### ASSIGNMENT
Repeat the records below exactly, line for line.

Spatial localization data:

·····

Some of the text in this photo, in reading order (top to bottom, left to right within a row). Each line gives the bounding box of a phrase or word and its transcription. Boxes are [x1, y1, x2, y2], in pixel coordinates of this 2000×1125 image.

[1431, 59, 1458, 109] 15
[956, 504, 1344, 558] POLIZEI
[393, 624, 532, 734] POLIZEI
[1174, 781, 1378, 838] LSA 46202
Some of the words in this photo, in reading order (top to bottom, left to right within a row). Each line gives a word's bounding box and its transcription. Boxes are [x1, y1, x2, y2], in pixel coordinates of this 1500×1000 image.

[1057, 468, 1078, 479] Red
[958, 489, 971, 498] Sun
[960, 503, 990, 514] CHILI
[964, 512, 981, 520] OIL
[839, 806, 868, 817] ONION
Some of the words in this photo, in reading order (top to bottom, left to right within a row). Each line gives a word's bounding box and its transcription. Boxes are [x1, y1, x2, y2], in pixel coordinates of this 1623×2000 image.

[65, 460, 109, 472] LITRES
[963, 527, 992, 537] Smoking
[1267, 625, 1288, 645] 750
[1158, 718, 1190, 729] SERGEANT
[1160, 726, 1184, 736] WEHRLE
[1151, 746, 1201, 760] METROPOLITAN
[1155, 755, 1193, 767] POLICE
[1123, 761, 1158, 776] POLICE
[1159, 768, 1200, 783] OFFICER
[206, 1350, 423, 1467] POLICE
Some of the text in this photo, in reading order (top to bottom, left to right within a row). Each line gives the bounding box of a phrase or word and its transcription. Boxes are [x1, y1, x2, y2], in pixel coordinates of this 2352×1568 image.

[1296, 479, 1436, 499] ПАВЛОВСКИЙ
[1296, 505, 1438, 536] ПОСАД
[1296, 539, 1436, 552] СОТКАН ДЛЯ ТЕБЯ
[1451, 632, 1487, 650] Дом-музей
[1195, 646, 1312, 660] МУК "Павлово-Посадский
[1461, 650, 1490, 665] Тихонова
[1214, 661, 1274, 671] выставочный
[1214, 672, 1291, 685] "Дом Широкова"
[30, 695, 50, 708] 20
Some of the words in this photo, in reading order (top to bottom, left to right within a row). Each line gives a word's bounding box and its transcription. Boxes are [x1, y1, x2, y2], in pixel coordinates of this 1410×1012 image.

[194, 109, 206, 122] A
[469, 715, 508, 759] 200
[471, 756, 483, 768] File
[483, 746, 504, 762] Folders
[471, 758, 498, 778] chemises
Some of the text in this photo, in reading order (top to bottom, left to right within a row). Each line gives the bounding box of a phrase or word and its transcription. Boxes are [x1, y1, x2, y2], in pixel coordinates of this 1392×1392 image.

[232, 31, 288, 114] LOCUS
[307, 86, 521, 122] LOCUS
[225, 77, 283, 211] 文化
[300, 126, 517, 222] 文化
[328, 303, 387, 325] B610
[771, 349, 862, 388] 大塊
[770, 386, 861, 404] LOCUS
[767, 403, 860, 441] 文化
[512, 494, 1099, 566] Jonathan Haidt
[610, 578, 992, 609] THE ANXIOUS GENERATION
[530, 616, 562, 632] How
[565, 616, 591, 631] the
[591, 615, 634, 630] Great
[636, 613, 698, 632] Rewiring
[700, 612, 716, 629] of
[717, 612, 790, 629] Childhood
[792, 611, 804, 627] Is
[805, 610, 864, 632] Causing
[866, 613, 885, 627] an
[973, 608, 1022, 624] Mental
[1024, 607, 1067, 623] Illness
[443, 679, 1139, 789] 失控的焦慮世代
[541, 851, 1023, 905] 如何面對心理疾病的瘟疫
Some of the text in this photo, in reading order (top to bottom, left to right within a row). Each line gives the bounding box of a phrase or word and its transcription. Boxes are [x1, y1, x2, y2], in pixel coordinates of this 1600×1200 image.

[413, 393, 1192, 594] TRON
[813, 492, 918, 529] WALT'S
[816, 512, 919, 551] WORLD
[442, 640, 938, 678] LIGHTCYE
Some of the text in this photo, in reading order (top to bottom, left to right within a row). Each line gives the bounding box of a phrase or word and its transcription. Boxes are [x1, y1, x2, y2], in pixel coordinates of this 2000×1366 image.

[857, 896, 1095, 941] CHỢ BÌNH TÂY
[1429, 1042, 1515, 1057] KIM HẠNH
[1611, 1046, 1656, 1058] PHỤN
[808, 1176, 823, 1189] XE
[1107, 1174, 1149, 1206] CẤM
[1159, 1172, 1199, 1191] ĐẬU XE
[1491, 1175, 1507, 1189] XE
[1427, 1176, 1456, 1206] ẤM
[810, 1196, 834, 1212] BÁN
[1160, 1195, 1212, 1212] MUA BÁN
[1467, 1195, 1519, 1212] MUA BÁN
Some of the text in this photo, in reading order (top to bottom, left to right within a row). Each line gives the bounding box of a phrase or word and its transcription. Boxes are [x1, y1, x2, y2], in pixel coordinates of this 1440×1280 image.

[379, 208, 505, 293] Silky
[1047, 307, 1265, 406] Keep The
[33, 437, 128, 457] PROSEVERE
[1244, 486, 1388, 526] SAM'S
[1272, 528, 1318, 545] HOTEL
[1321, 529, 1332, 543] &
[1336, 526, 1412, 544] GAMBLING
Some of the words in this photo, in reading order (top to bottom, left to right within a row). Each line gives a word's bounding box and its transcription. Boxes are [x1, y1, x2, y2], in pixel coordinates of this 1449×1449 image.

·····

### COMPLETED EXERCISE
Some of the text in this photo, in reading order (top to bottom, left to right within a row). Each line gives the bounding box of a phrase or word and its transcription. Boxes are [x1, y1, x2, y2], in pixel coordinates of this 2000×1125 image.

[1431, 59, 1458, 109] 15
[956, 504, 1344, 558] POLIZEI
[393, 624, 532, 734] POLIZEI
[1174, 781, 1378, 838] LSA 46202
Some of the words in this photo, in reading order (top to bottom, left to right within a row). Each line gives a word's bounding box and its transcription. Boxes are [x1, y1, x2, y2], in pixel coordinates of this 1500×1000 image.

[1057, 468, 1078, 479] Red
[958, 489, 971, 498] Sun
[960, 503, 990, 514] CHILI
[964, 512, 981, 520] OIL
[839, 806, 868, 817] ONION
Some of the words in this photo, in reading order (top to bottom, left to right within a row). Each line gives a word's bounding box and its transcription. Boxes are [x1, y1, x2, y2], in pixel coordinates of this 1623×2000 image.

[65, 460, 109, 472] LITRES
[963, 527, 992, 537] Smoking
[1267, 625, 1288, 645] 750
[1158, 718, 1190, 729] SERGEANT
[1160, 726, 1184, 736] WEHRLE
[1151, 746, 1201, 760] METROPOLITAN
[1155, 755, 1193, 767] POLICE
[1123, 761, 1158, 776] POLICE
[1159, 768, 1200, 783] OFFICER
[206, 1350, 423, 1467] POLICE
Some of the text in this photo, in reading order (top to bottom, left to right within a row). Each line gives the bounding box of a phrase or word and its transcription. Boxes are [x1, y1, x2, y2], in pixel coordinates of this 2352×1568 image.

[1296, 479, 1436, 499] ПАВЛОВСКИЙ
[1296, 505, 1438, 536] ПОСАД
[1296, 539, 1436, 552] СОТКАН ДЛЯ ТЕБЯ
[1451, 632, 1487, 650] Дом-музей
[1195, 646, 1312, 660] МУК "Павлово-Посадский
[1461, 650, 1490, 665] Тихонова
[1214, 661, 1274, 671] выставочный
[1214, 672, 1291, 685] "Дом Широкова"
[30, 695, 50, 708] 20
Some of the words in this photo, in reading order (top to bottom, left to right within a row). Each line gives a word's bounding box and its transcription. Boxes are [x1, y1, x2, y2], in pixel coordinates of this 1410×1012 image.

[194, 109, 206, 122] A
[469, 715, 508, 759] 200
[471, 756, 483, 768] File
[483, 746, 504, 762] Folders
[471, 758, 498, 778] chemises
Some of the text in this photo, in reading order (top to bottom, left to right within a row). Each line gives the bounding box of a phrase or word and its transcription. Boxes are [x1, y1, x2, y2], in pixel coordinates of this 1392×1392 image.

[232, 31, 288, 114] LOCUS
[307, 86, 521, 122] LOCUS
[225, 77, 283, 211] 文化
[300, 126, 517, 222] 文化
[328, 303, 387, 325] B610
[771, 349, 862, 388] 大塊
[770, 386, 861, 404] LOCUS
[767, 403, 860, 441] 文化
[512, 494, 1099, 566] Jonathan Haidt
[610, 578, 992, 609] THE ANXIOUS GENERATION
[530, 616, 562, 632] How
[565, 616, 591, 631] the
[591, 615, 634, 630] Great
[636, 613, 698, 632] Rewiring
[700, 612, 716, 629] of
[717, 612, 790, 629] Childhood
[792, 611, 804, 627] Is
[805, 610, 864, 632] Causing
[866, 613, 885, 627] an
[973, 608, 1022, 624] Mental
[1024, 607, 1067, 623] Illness
[443, 679, 1139, 789] 失控的焦慮世代
[541, 851, 1023, 905] 如何面對心理疾病的瘟疫
Some of the text in this photo, in reading order (top to bottom, left to right within a row). Each line gives the bounding box of a phrase or word and its transcription. Boxes are [x1, y1, x2, y2], in pixel coordinates of this 1600×1200 image.

[413, 393, 1192, 594] TRON
[813, 492, 918, 529] WALT'S
[816, 512, 919, 551] WORLD
[442, 640, 938, 678] LIGHTCYE
Some of the text in this photo, in reading order (top to bottom, left to right within a row). Each line gives the bounding box of a phrase or word and its transcription. Boxes are [x1, y1, x2, y2], in pixel coordinates of this 2000×1366 image.

[857, 896, 1095, 941] CHỢ BÌNH TÂY
[1429, 1042, 1515, 1057] KIM HẠNH
[1611, 1046, 1656, 1058] PHỤN
[808, 1176, 823, 1189] XE
[1107, 1174, 1149, 1206] CẤM
[1159, 1172, 1199, 1191] ĐẬU XE
[1491, 1175, 1507, 1189] XE
[1427, 1176, 1456, 1206] ẤM
[810, 1196, 834, 1212] BÁN
[1160, 1195, 1212, 1212] MUA BÁN
[1467, 1195, 1519, 1212] MUA BÁN
Some of the text in this photo, in reading order (top to bottom, left to right within a row). Each line gives the bounding box of a phrase or word and its transcription. Boxes are [x1, y1, x2, y2], in pixel coordinates of this 1440×1280 image.

[379, 208, 505, 293] Silky
[1047, 307, 1265, 406] Keep The
[33, 437, 128, 457] PROSEVERE
[1244, 486, 1388, 526] SAM'S
[1272, 528, 1318, 545] HOTEL
[1321, 529, 1332, 543] &
[1336, 526, 1412, 544] GAMBLING
Some of the words in this photo, in reading order (top to bottom, left to right within a row). Each line gives a word's bounding box and its transcription. Boxes are [x1, y1, x2, y2], in pixel coordinates of this 1449×1449 image.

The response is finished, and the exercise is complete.